The Barrelman is a mascot logo used by two baseball teams in Milwaukee nicknamed "Brewers".

Introduction
The character was first used in the 1940s by the Milwaukee Brewers, a Minor League Baseball team based in Milwaukee, Wisconsin.  At the time, he was known as "Owgust".

With a beer barrel for a torso and tap for his nose, the Beer Barrel Man embodied the whimsical spirit of the minor leagues in the early to mid-twentieth century.

In the 1940s and 1950s, a whole series of Beer Barrel Men were used as logos by the club – pitching, batting, fielding balls and running the bases.  The December 1944 issue of Brewer News, the club's newsletter, depicted Owgust in a Santa Claus suit and long white beard.

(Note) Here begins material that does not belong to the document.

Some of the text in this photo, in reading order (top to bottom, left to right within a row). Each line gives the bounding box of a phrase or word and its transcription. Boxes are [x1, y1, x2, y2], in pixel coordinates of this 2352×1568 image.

The Beer Barrel Man was used until spring training of 1953, when the Boston Braves displaced the Brewers in Milwaukee.

Major Leagues
After the Braves moved to Atlanta after the 1965 season, former Braves minority owner Bud Selig announced the formation of a group to bring major league baseball club back to Milwaukee, adopting the batting Beer Barrel Man as his organization's logo.

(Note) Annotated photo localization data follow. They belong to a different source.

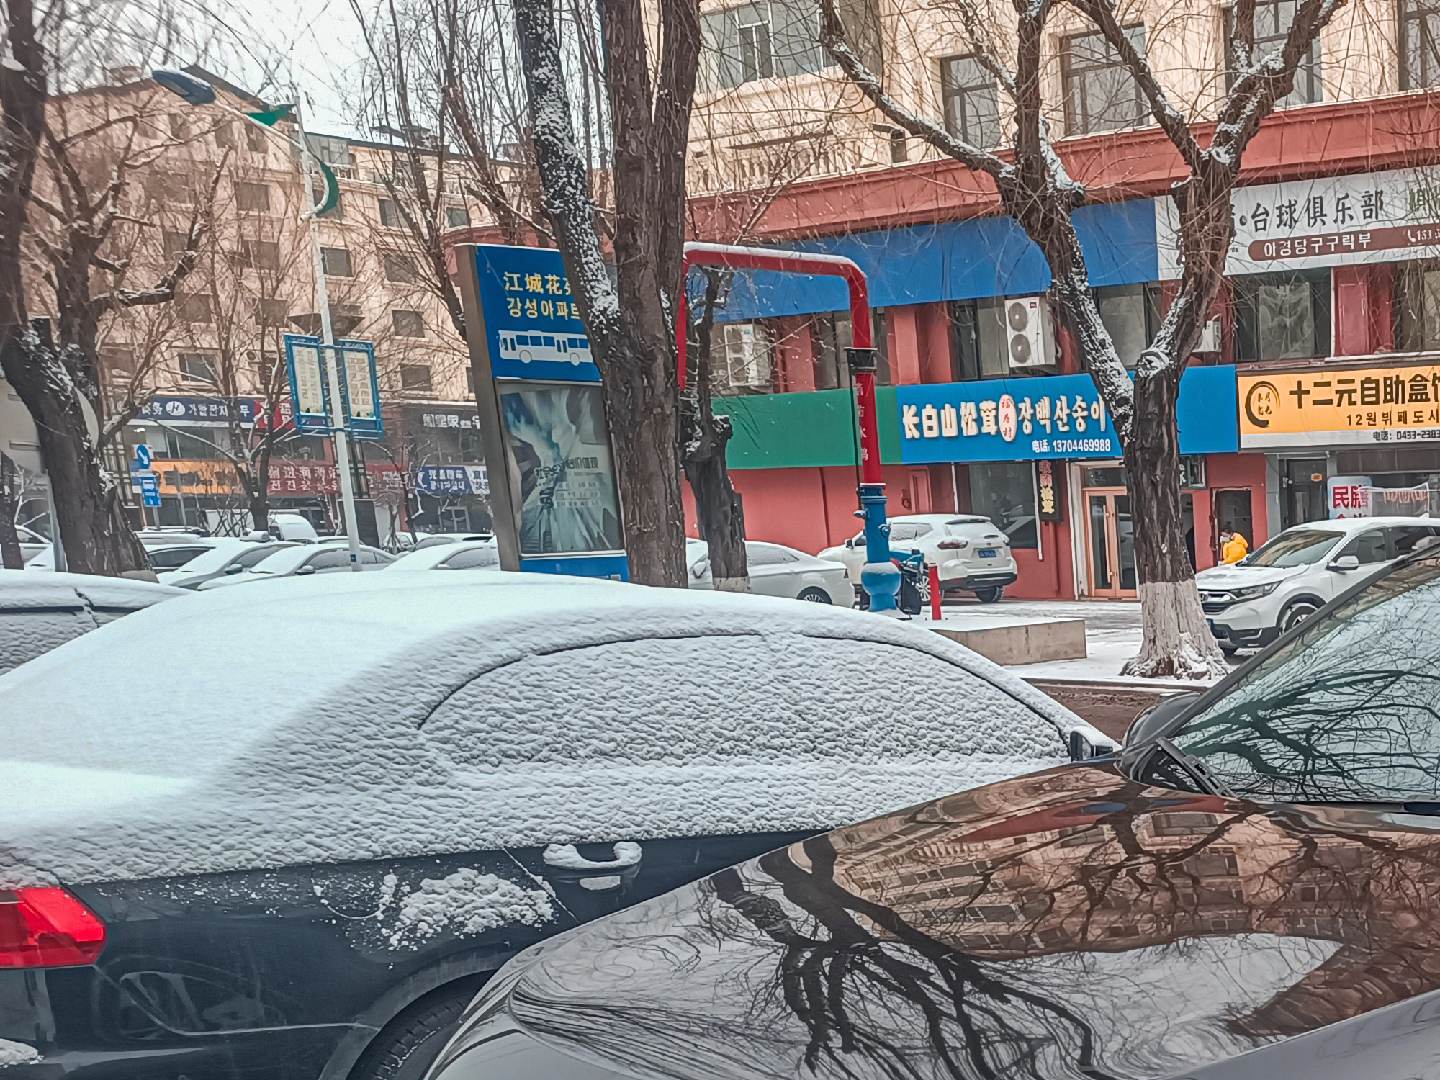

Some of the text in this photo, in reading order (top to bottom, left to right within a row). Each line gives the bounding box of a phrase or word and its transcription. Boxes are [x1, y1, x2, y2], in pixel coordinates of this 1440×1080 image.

[1251, 190, 1384, 233] 台球俱乐部
[507, 297, 580, 320] 강성아파트
[903, 400, 997, 439] 长白山松茸
[1018, 393, 1105, 435] 장백산송이
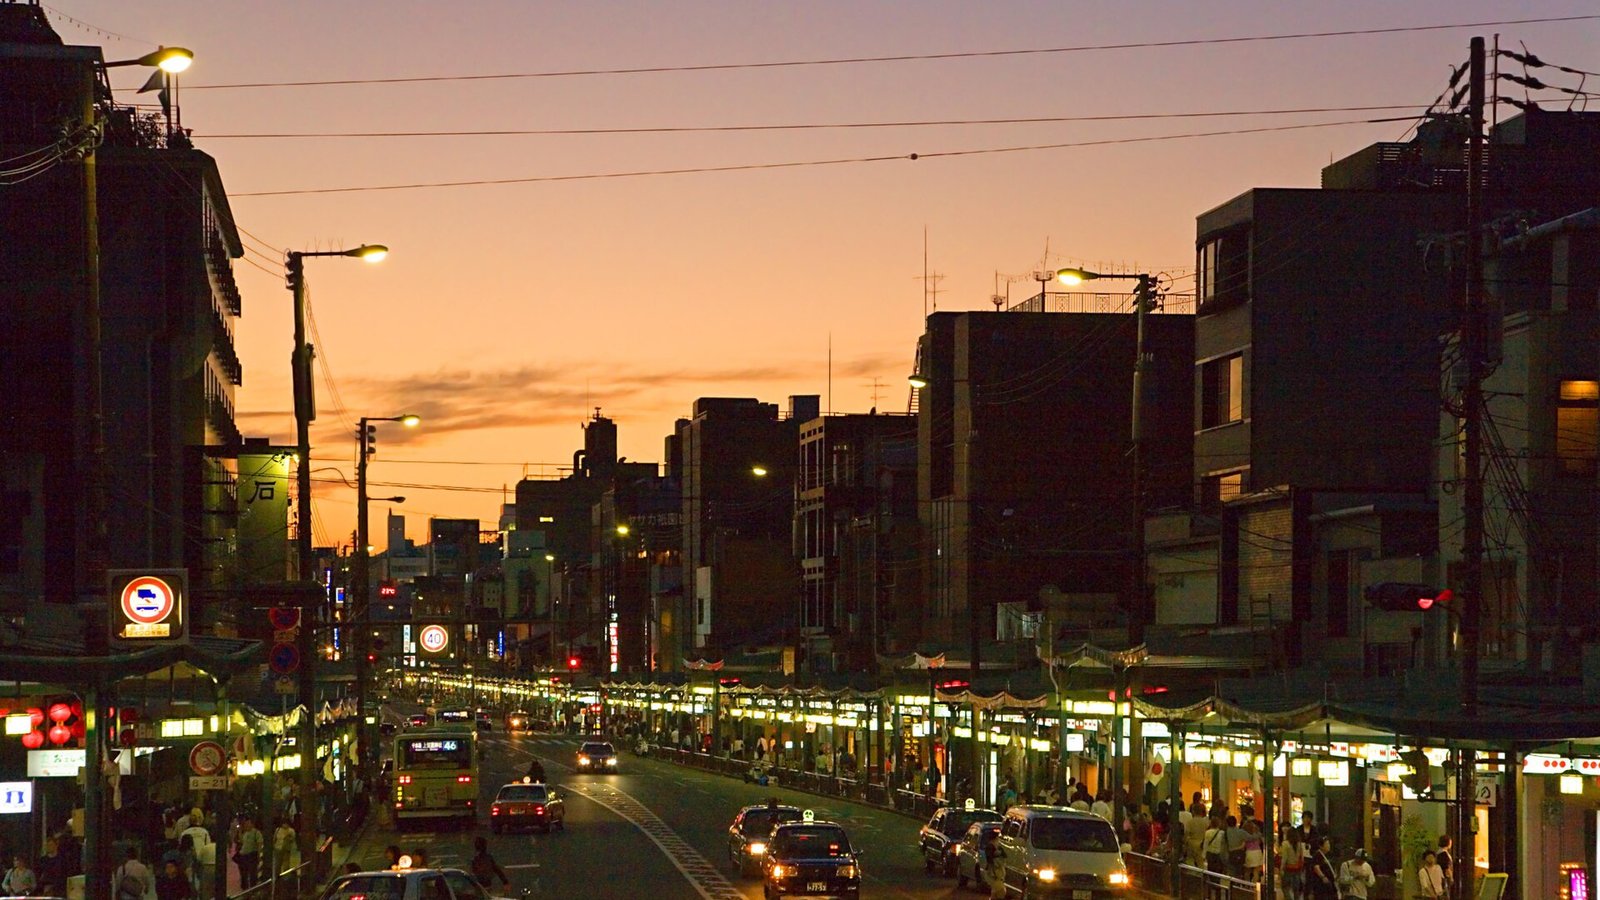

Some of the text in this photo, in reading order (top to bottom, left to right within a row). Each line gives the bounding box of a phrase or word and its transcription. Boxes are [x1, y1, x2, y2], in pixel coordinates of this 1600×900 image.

[247, 480, 276, 504] 石
[427, 633, 441, 645] 40
[444, 740, 457, 751] 46

When Selig's group was awarded the bankrupt American League Seattle Pilots franchise, he moved them to Milwaukee and the Beer Barrel Man made a comeback as the first logo of the new Milwaukee Brewers.  The Beer Barrel Man was used by the American League club through the 1977 season.

Legacy
Since then, he has made appearances on stadium giveaways, such as the 1999 Turn Ahead the Clock promotion, and has found new life on Cooperstown Collection merchandise.

The Beer Barrel Man was also featured in the winning design for the Brewers' "Design A Youniform" contest in 2013.  The contest received nearly 700 entries and the winning design, created by Ben Peters of Richfield, Minnesota, used the Beer Barrelman as the cap logo and sleeve patch.  This design was used in exhibitions games on March 22 in Arizona against the Chicago Cubs and once again March 30 in a game at Miller Park in Milwaukee against the Chicago White Sox.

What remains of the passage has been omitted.